Challenging height problem with right pyramid based on kite plan with one right angle

Here is a problem that is driving me crazy. There ought to be a simple solution, but it eludes me.
I've made a model from paper, and it is a feasible construction, that constrains h and point S:

OX, OY, OZ are orthogonal XYZ axes.

O is a fixed point. T lies on OX, R lies on OY, and P lies on OZ.

S lies in the XY plane, so base kite ROTS is a planar quadrilateral (i.e. there is no hinge along OS).

a, b, c, d & e are known (of fixed length).

For convenience, TO > OR, and d > e.

Also, c > b > a.

What then is h (=OP) ???

I can imagine raising point P along OZ, so points R, S and T on the base plane draw closer to O and lie in the XY plane thru O, while keeping a, b, c, d & e of fixed length(s), with R lying somewhere along OY, and T somewhere along OX.

But I cannot see how to calculate h, (and thus solve the base kite dimensions and angles, as well as the rest of the pyramid).
Yet all the points ought to be uniquely determined for the solution. My paper model works just fine, but I want a precise solution.

Any clues to solve h, and thus the rest of the unknowns?
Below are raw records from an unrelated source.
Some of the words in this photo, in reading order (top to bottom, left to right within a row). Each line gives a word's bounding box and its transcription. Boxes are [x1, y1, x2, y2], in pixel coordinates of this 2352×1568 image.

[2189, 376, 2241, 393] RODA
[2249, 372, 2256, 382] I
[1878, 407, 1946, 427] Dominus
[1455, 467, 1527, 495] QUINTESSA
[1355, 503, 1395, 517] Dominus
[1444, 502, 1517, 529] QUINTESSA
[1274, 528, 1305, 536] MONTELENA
I attach a pdf and a jpg of the construction (MyProblem.pdf and MyProblem.jpg).

Your assistance would be greatly appreciated!

Regards, Rob.

As no one seems to be able to offer help on this, let me try to clarify the problem:

Imagine a quadrilateral of paper PTSR is folded into two triangles along PS.

The quadrilateral/ triangle pair is sat on a plane on edges RS and ST.

The angle between the two planes of the triangles (the fold PS) is adjusted until PR and PT are in plan at right angles.

How can this condition be solved to get the unknown information e.g. h, RO, OT, angles ROT and SOT etc.?

I am only interested in solutions in the quadrant shown (with OT and OR positive) and with OP positive.

Help, please! Thanks, cadastralrob.